TASK = Without the pictures, retype each line below exactly as it stands.

(Entries taken from a collection)
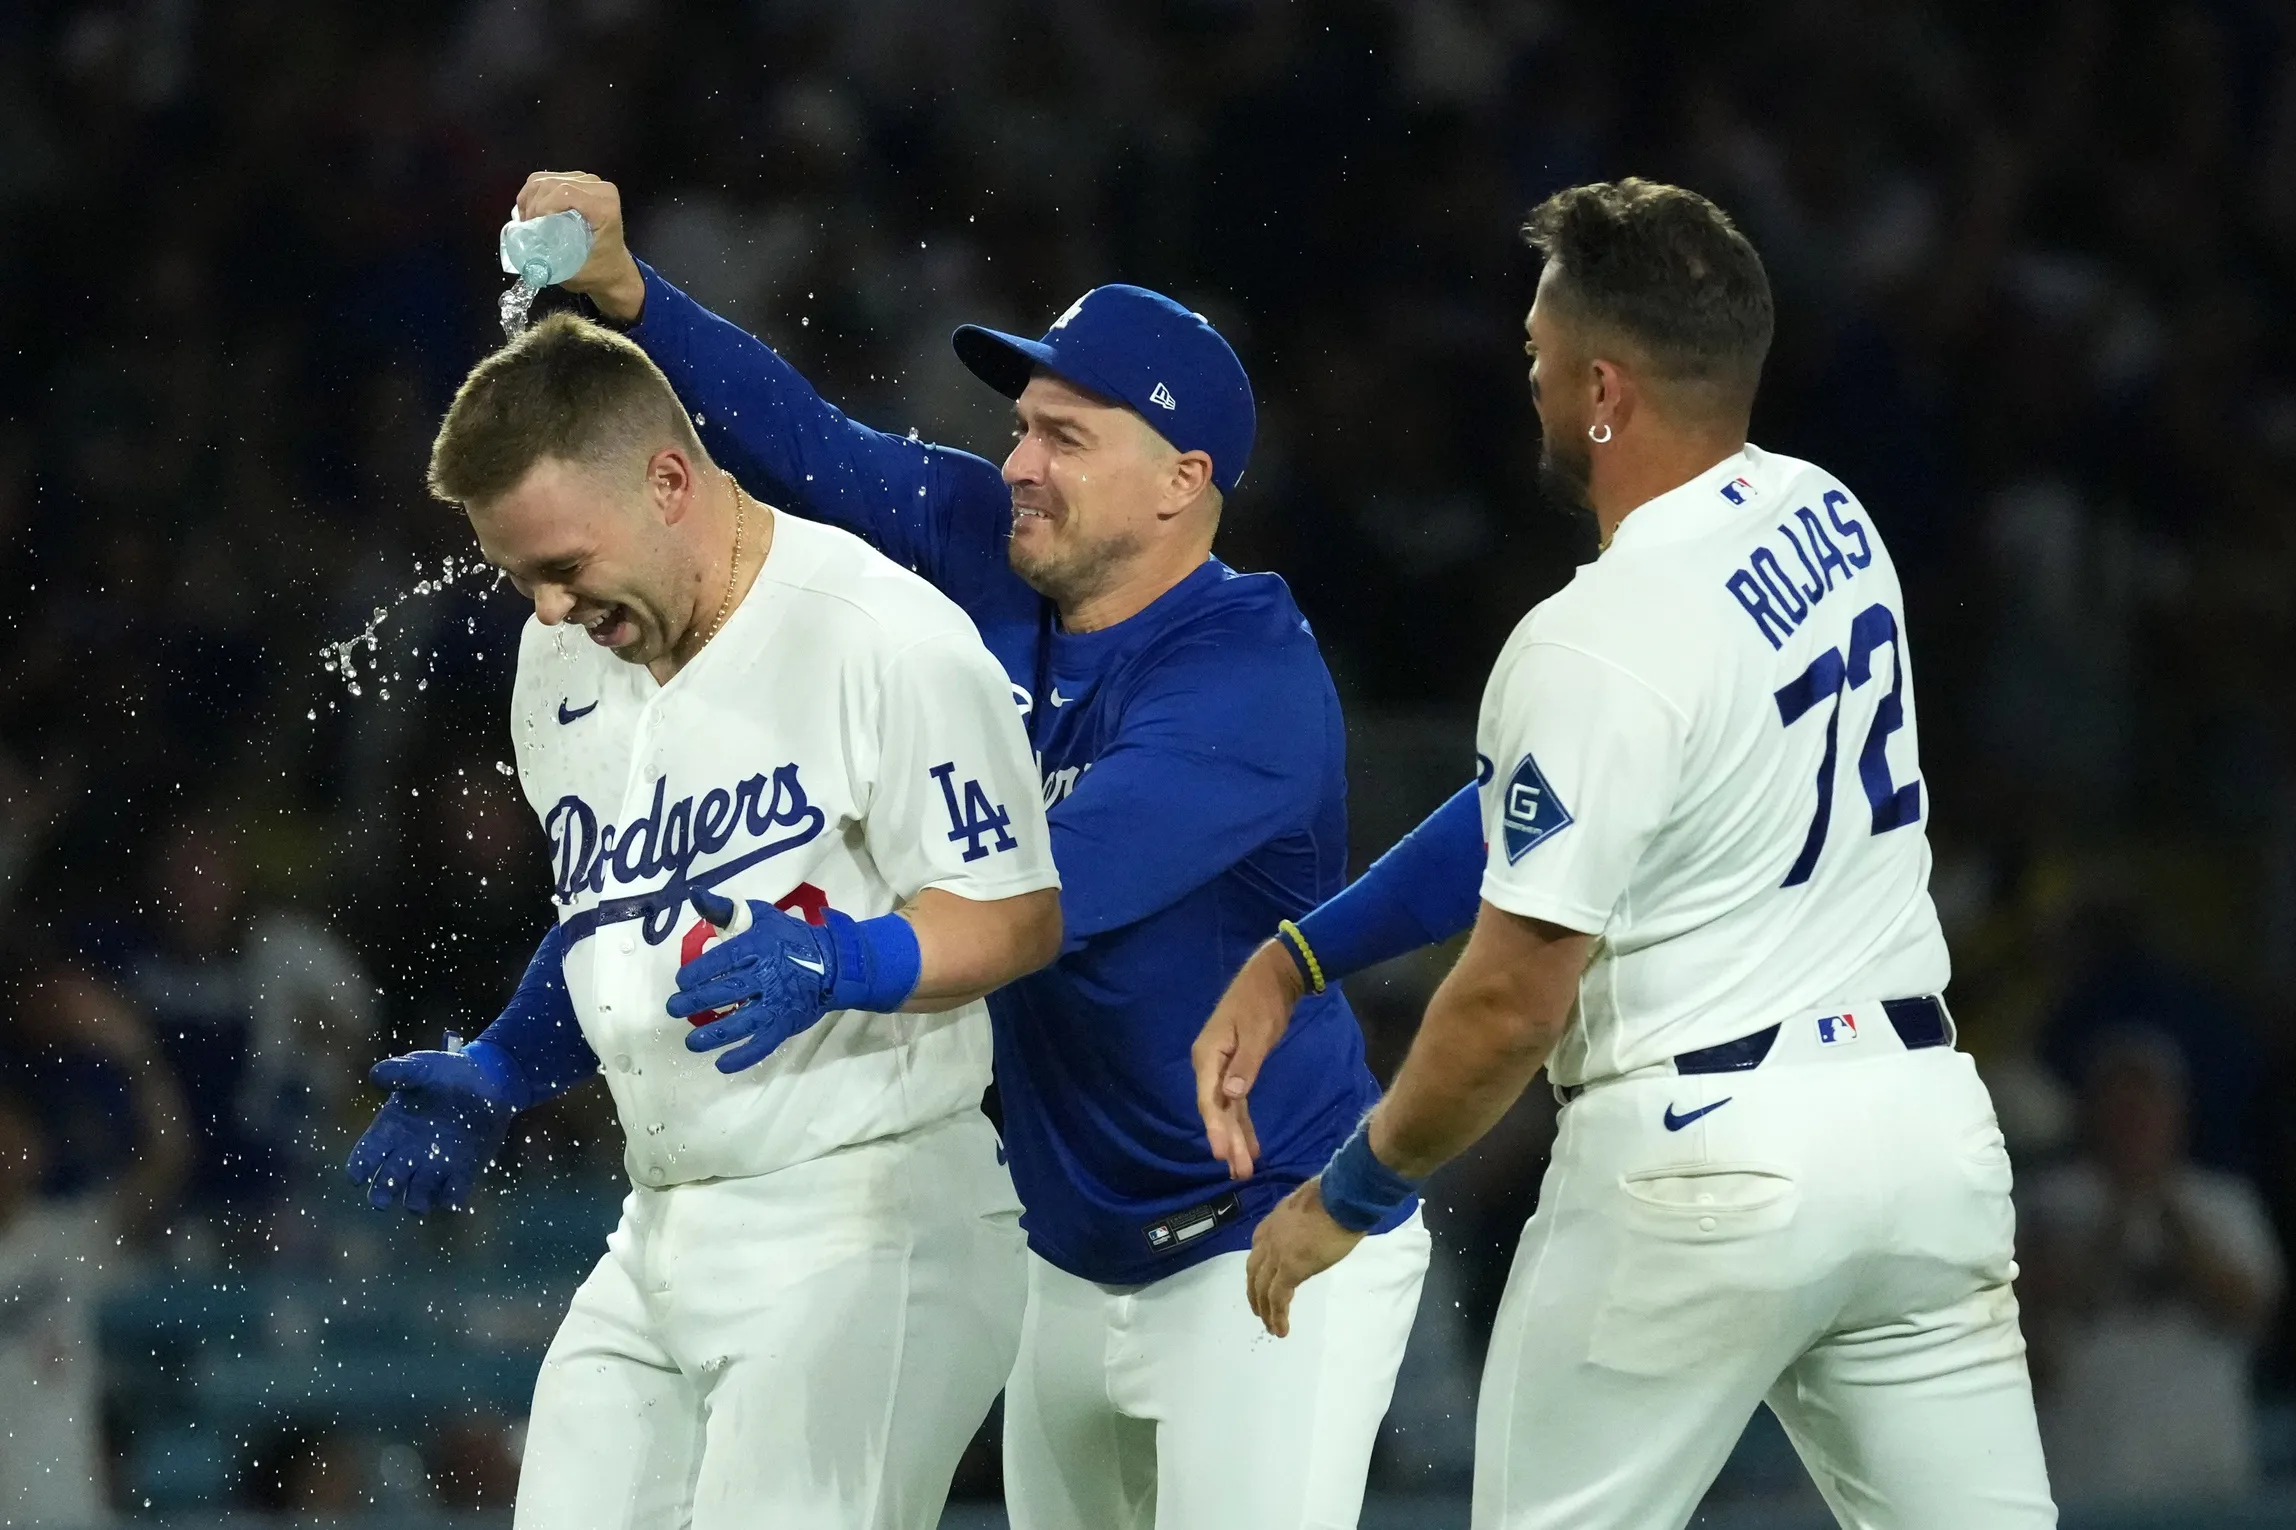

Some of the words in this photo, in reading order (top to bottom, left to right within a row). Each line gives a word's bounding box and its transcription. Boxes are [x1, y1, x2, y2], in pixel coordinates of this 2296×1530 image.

[1725, 489, 1872, 651] ROJAS
[931, 762, 1018, 863] LA
[1509, 783, 1540, 821] G
[1774, 603, 1920, 888] 72
[545, 761, 824, 945] Dodgers
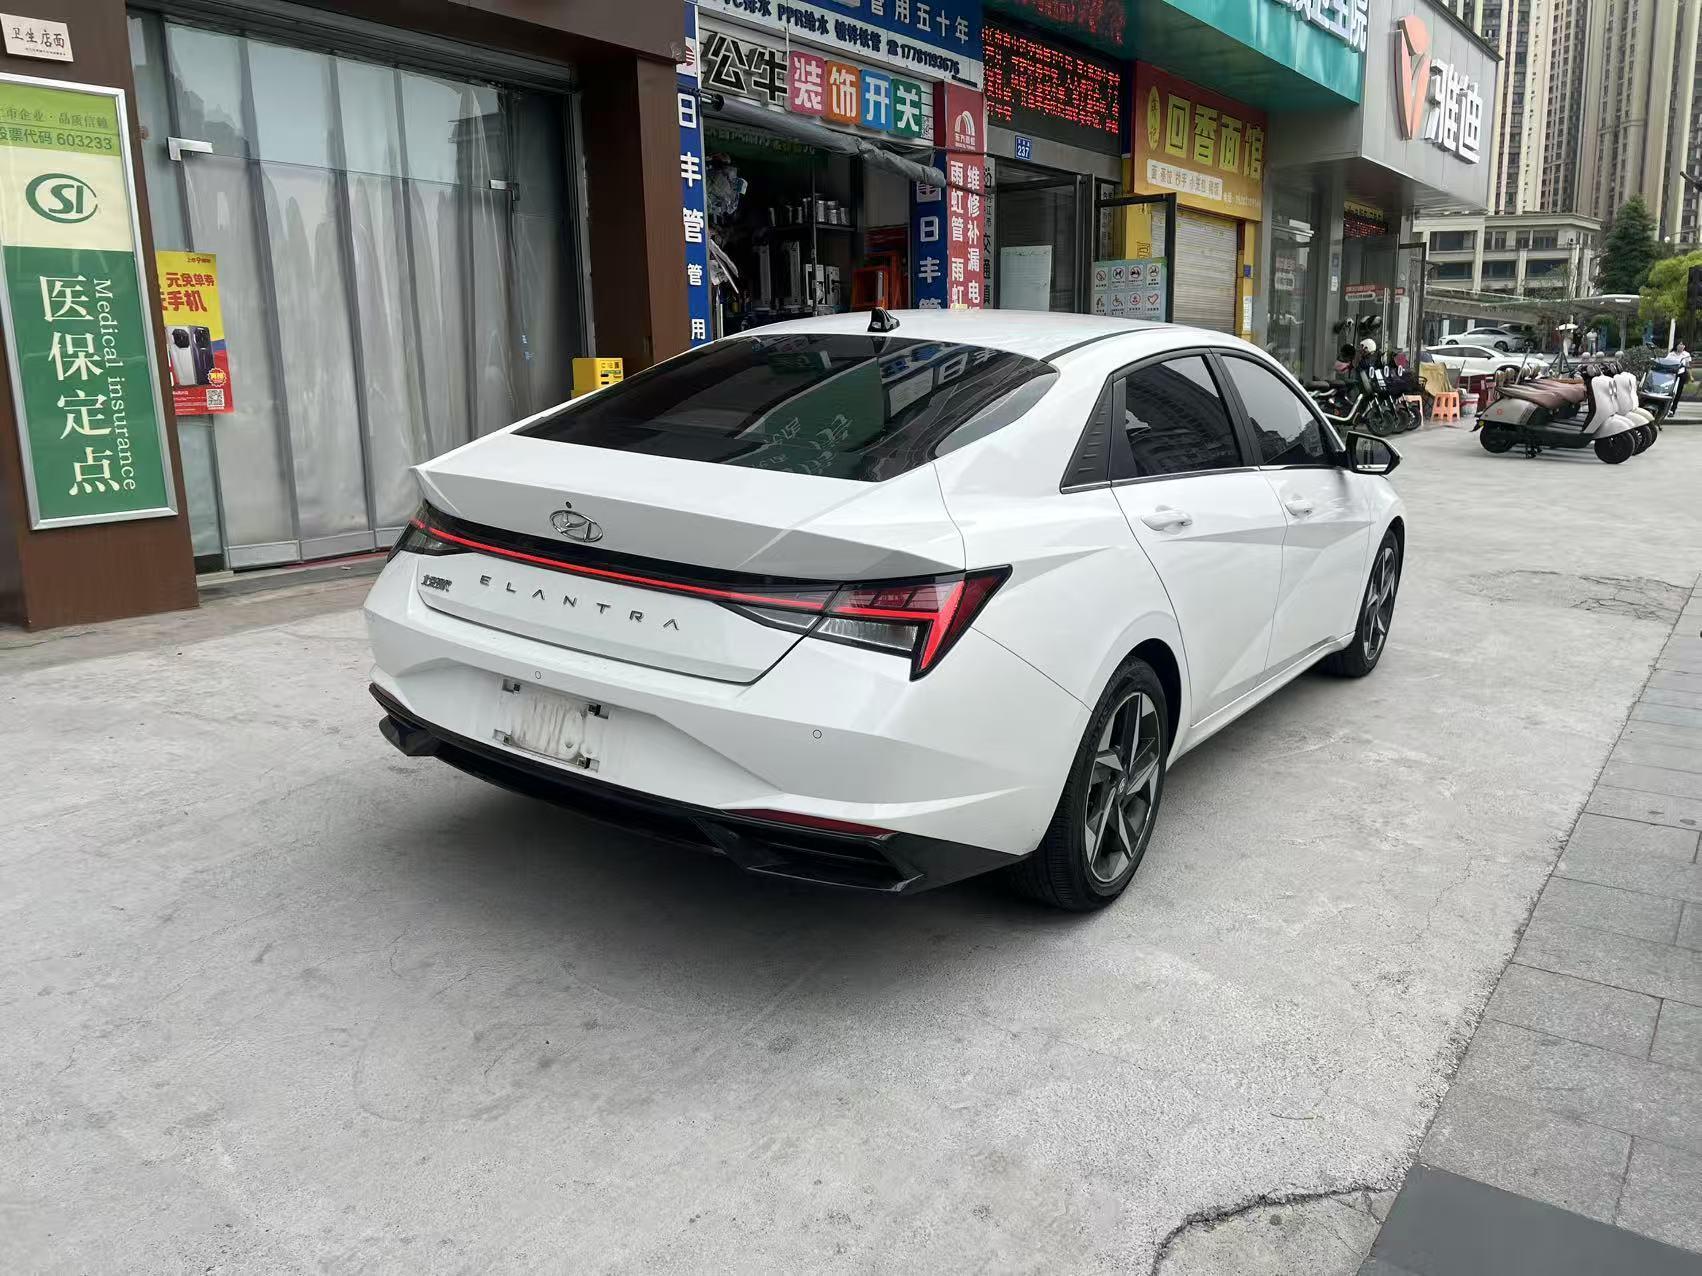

ANSWER SECTION =
Some of the words in this photo, in reading order (top to bottom, left to right within a row). Each line gives a word's bounding box and its transcription. Boxes are [x1, y1, x2, y2], in pixel coordinates of this 2296×1530 image.

[1725, 489, 1872, 651] ROJAS
[931, 762, 1018, 863] LA
[1509, 783, 1540, 821] G
[1774, 603, 1920, 888] 72
[545, 761, 824, 945] Dodgers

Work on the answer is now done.